→ EXERCISE
Please reproduce the entries below exactly, omitting any images they contain.

[Source data]
-----

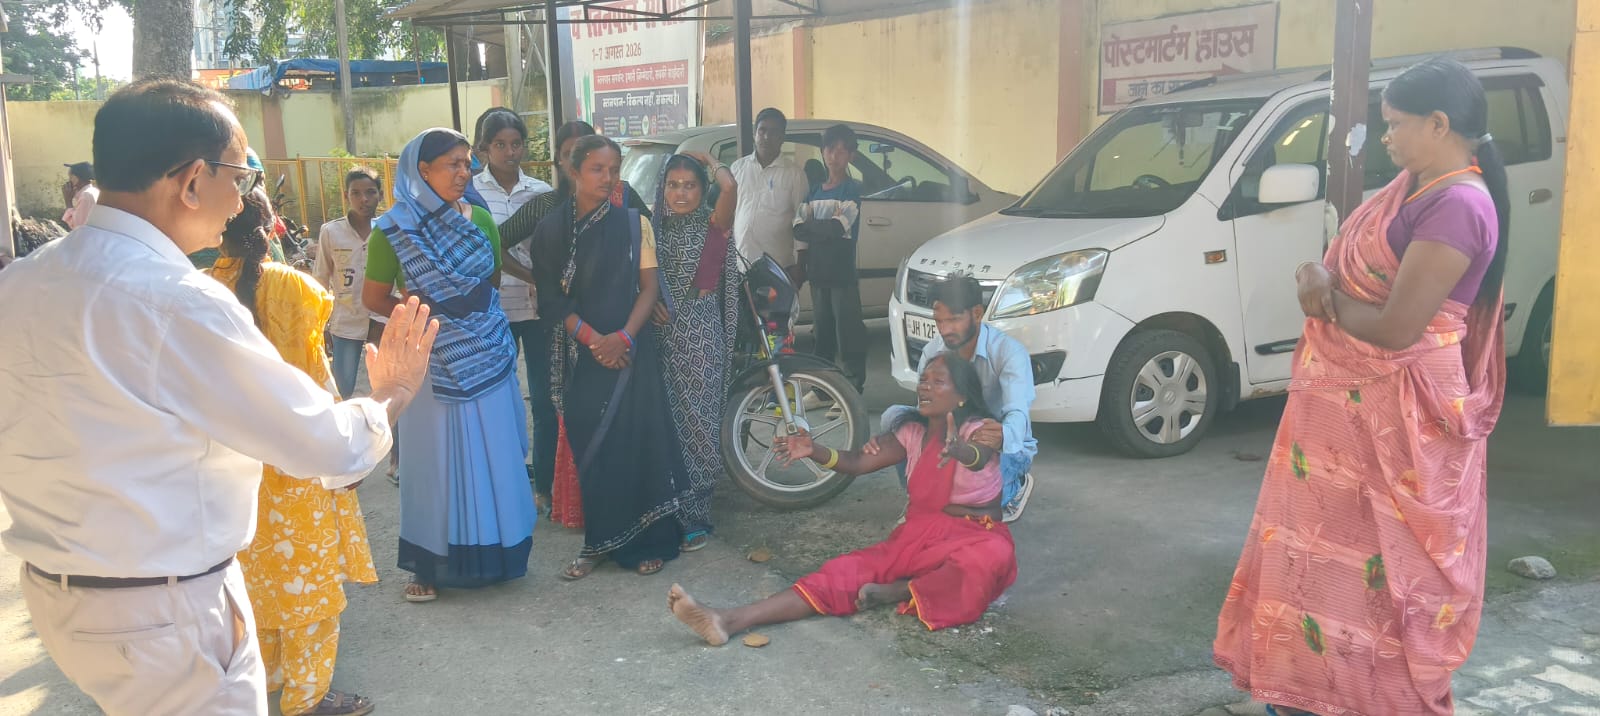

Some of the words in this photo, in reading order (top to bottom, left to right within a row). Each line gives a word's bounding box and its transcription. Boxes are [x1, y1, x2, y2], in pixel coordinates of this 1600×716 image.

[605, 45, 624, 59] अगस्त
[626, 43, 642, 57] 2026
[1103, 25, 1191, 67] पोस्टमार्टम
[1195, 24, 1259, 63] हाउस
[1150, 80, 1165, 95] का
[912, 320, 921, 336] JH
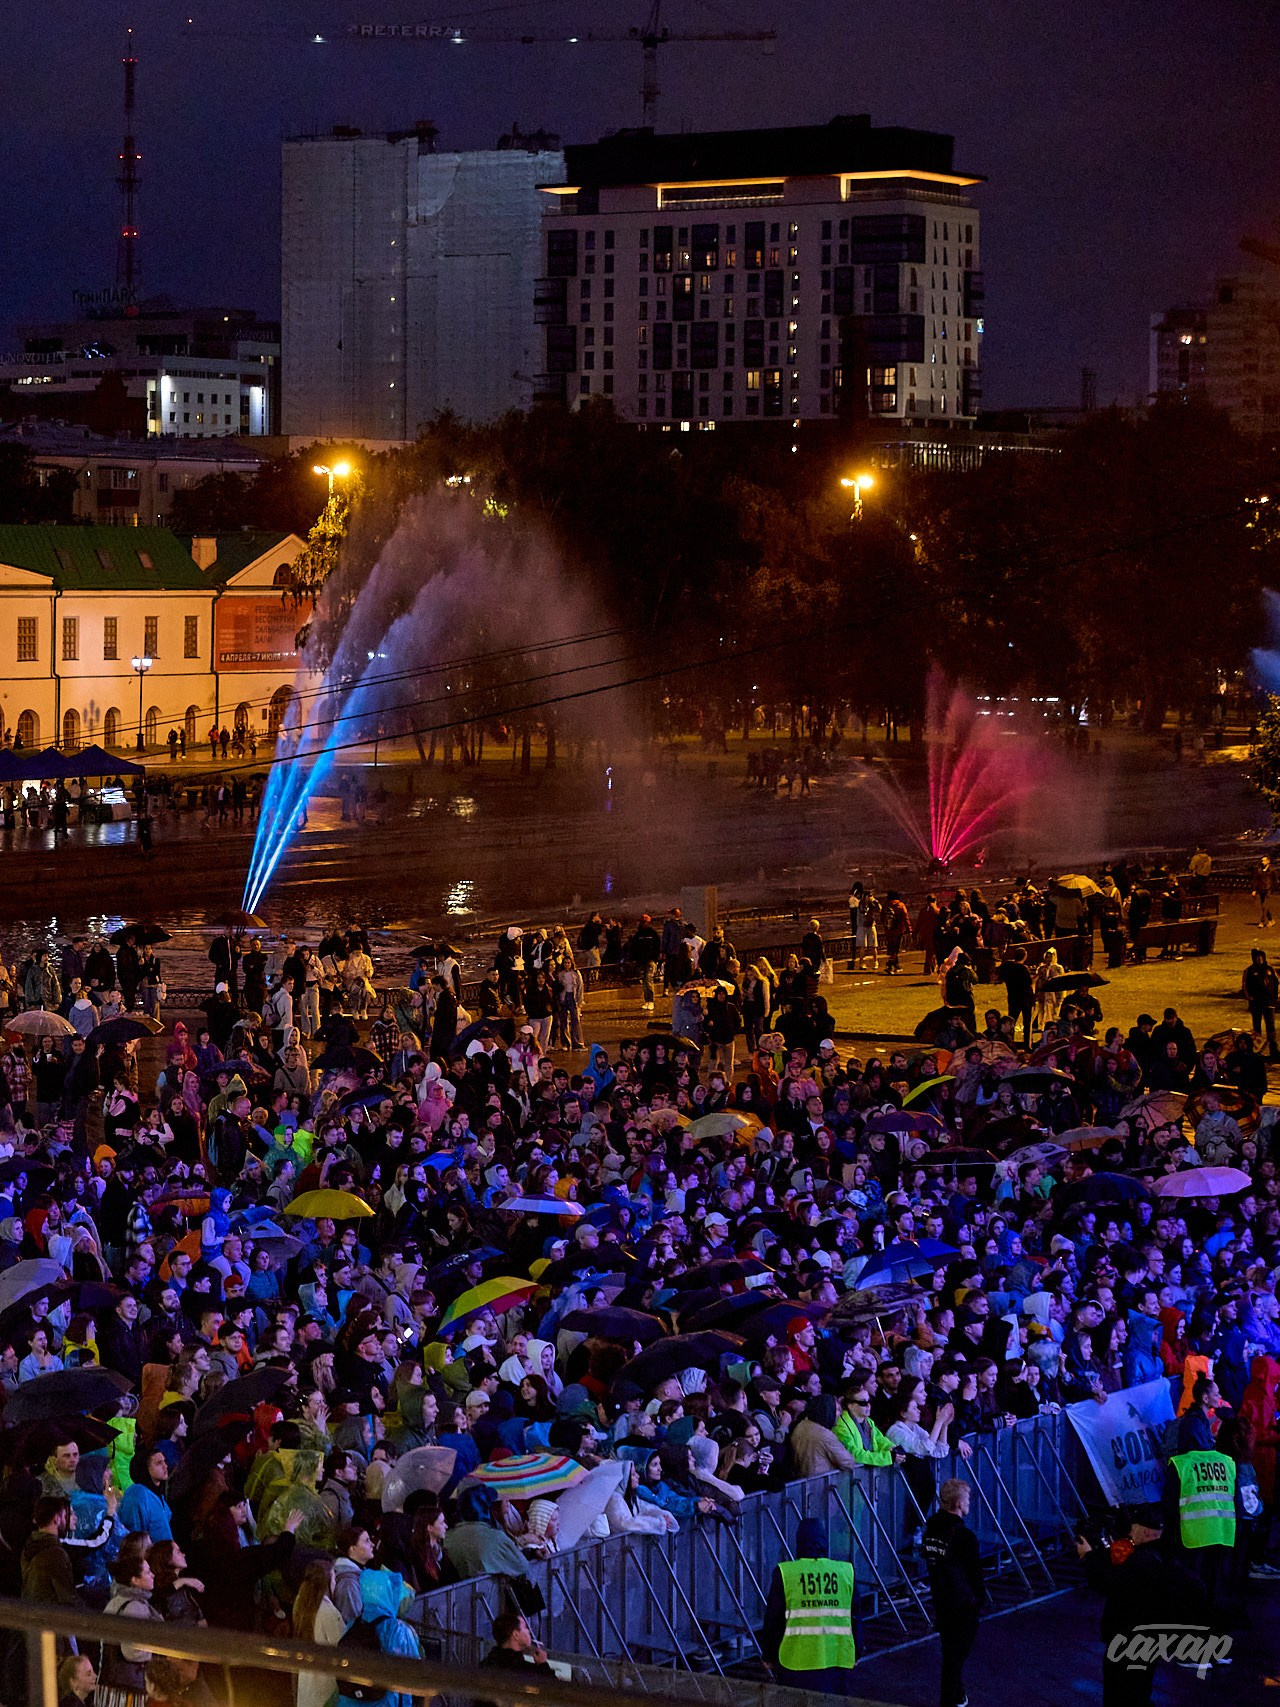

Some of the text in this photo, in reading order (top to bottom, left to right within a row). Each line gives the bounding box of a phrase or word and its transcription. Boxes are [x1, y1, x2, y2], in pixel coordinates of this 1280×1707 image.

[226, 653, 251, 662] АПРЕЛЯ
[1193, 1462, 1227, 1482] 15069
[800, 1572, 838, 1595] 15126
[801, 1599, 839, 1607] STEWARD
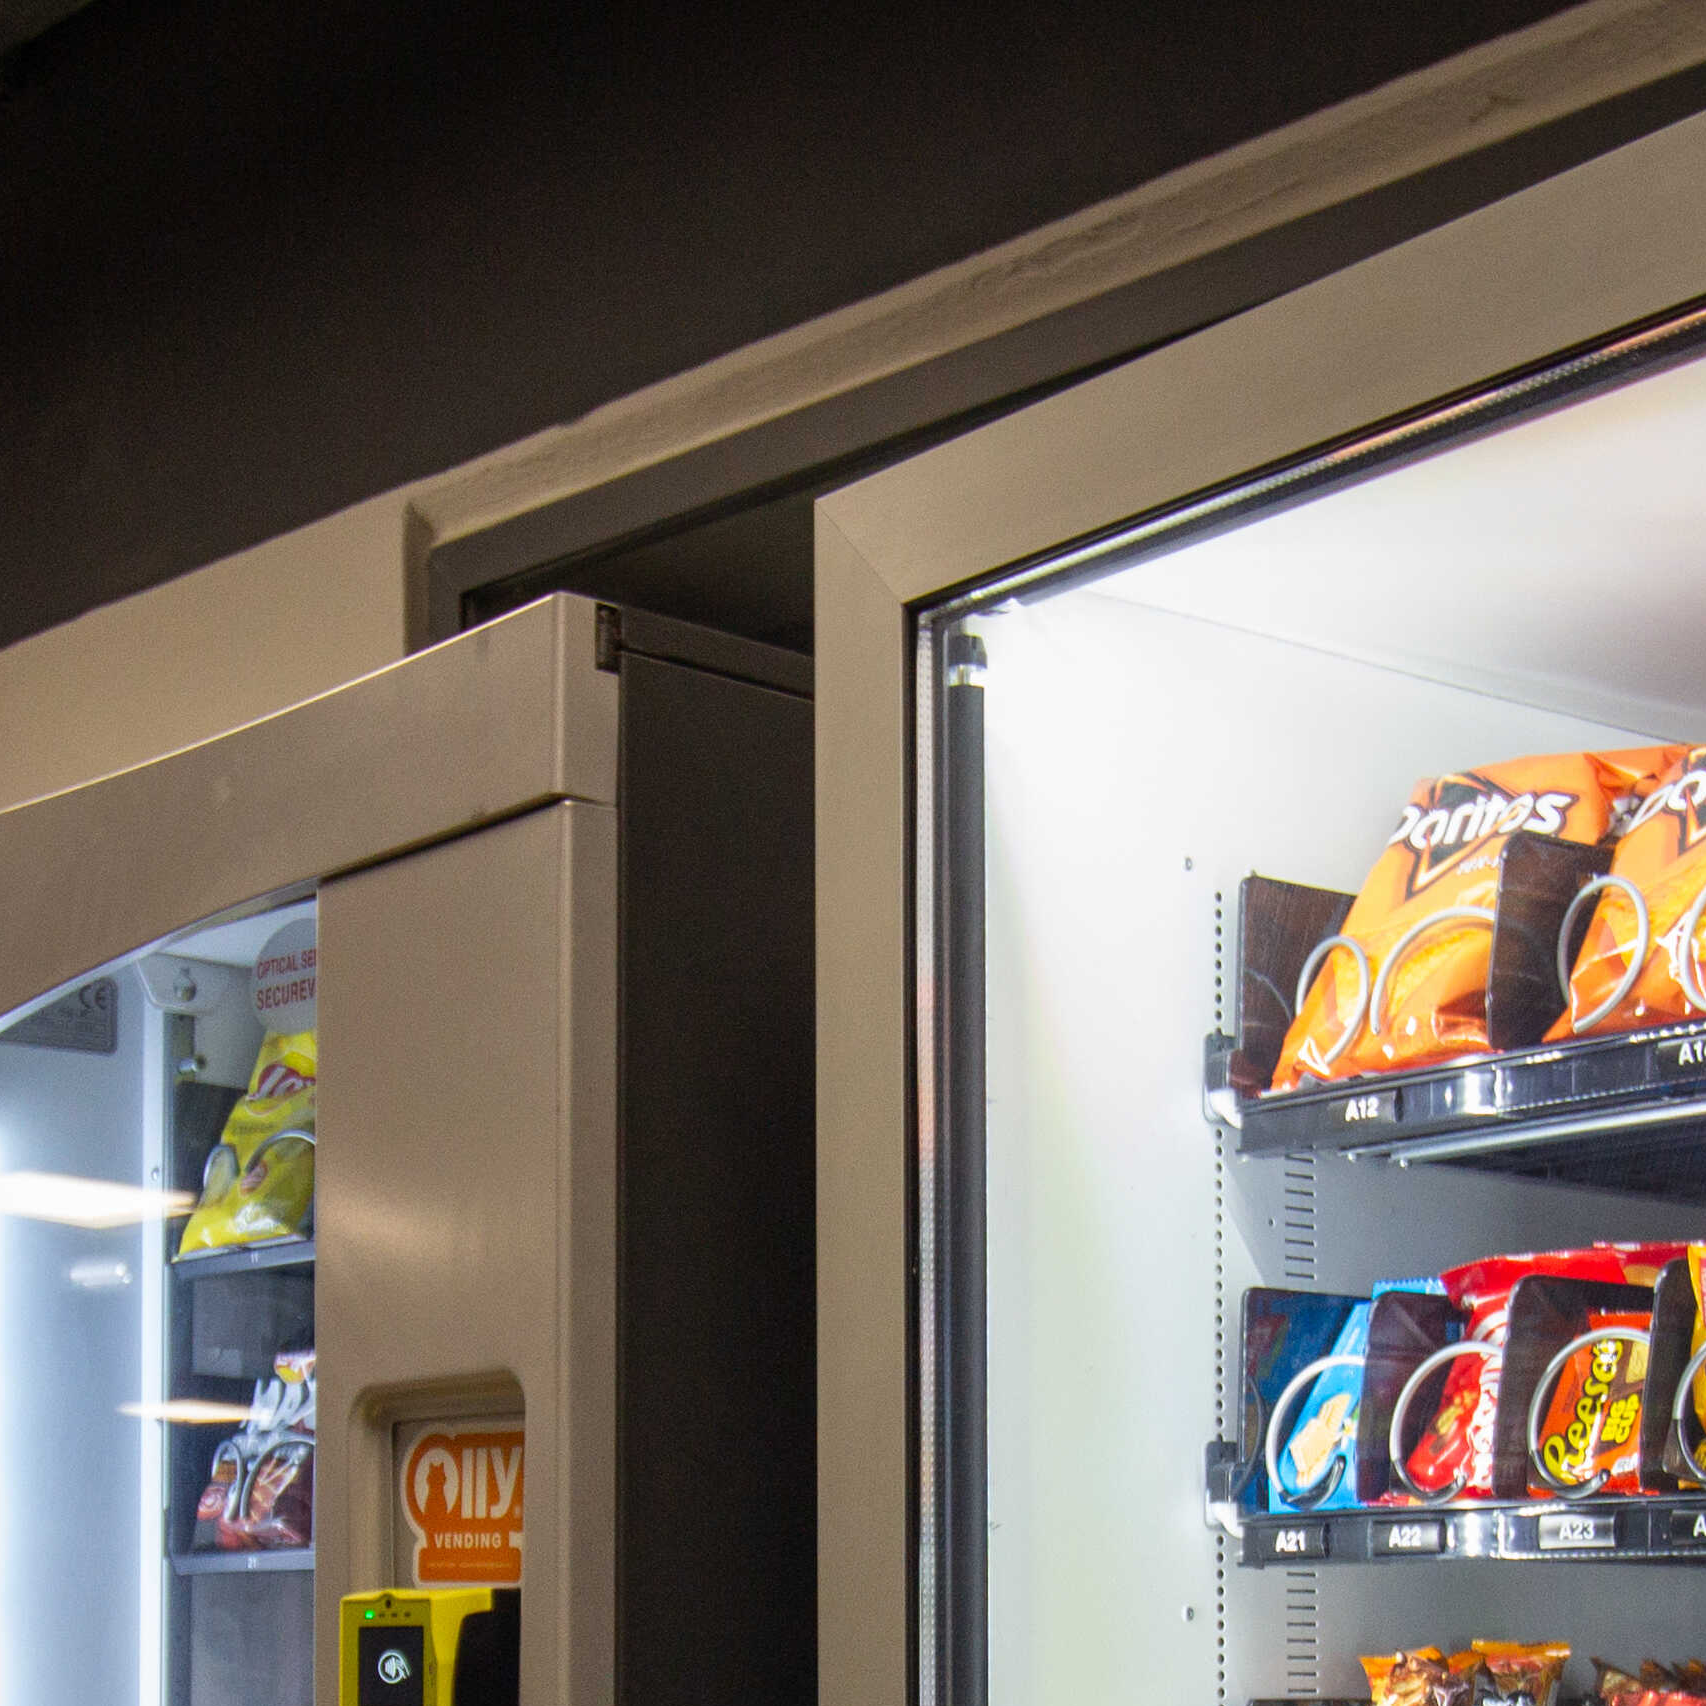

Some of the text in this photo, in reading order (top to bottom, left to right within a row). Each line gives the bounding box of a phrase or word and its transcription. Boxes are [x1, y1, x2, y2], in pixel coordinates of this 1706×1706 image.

-----

→ RESULT
Some of the words in this photo, in reading order (top to bottom, left to right within a row). Each line gives a word's bounding box and its transcription. Boxes are [x1, y1, x2, y2], in pixel coordinates of this 1600×716 image.

[605, 45, 624, 59] अगस्त
[626, 43, 642, 57] 2026
[1103, 25, 1191, 67] पोस्टमार्टम
[1195, 24, 1259, 63] हाउस
[1150, 80, 1165, 95] का
[912, 320, 921, 336] JH

Some of the text in this photo, in reading order (top to bottom, left to right within a row). Each line gives the bounding box of a phrase or word and its transcription. Boxes are [x1, y1, x2, y2], in pixel coordinates of this 1280×1707 image.

[226, 653, 251, 662] АПРЕЛЯ
[1193, 1462, 1227, 1482] 15069
[800, 1572, 838, 1595] 15126
[801, 1599, 839, 1607] STEWARD

Some of the text in this photo, in reading order (top to bottom, left to right within a row). Each line gives the bounding box of a phrase or word and its transcription. Boxes are [x1, y1, x2, y2], in pixel coordinates of this 1706×1706 image.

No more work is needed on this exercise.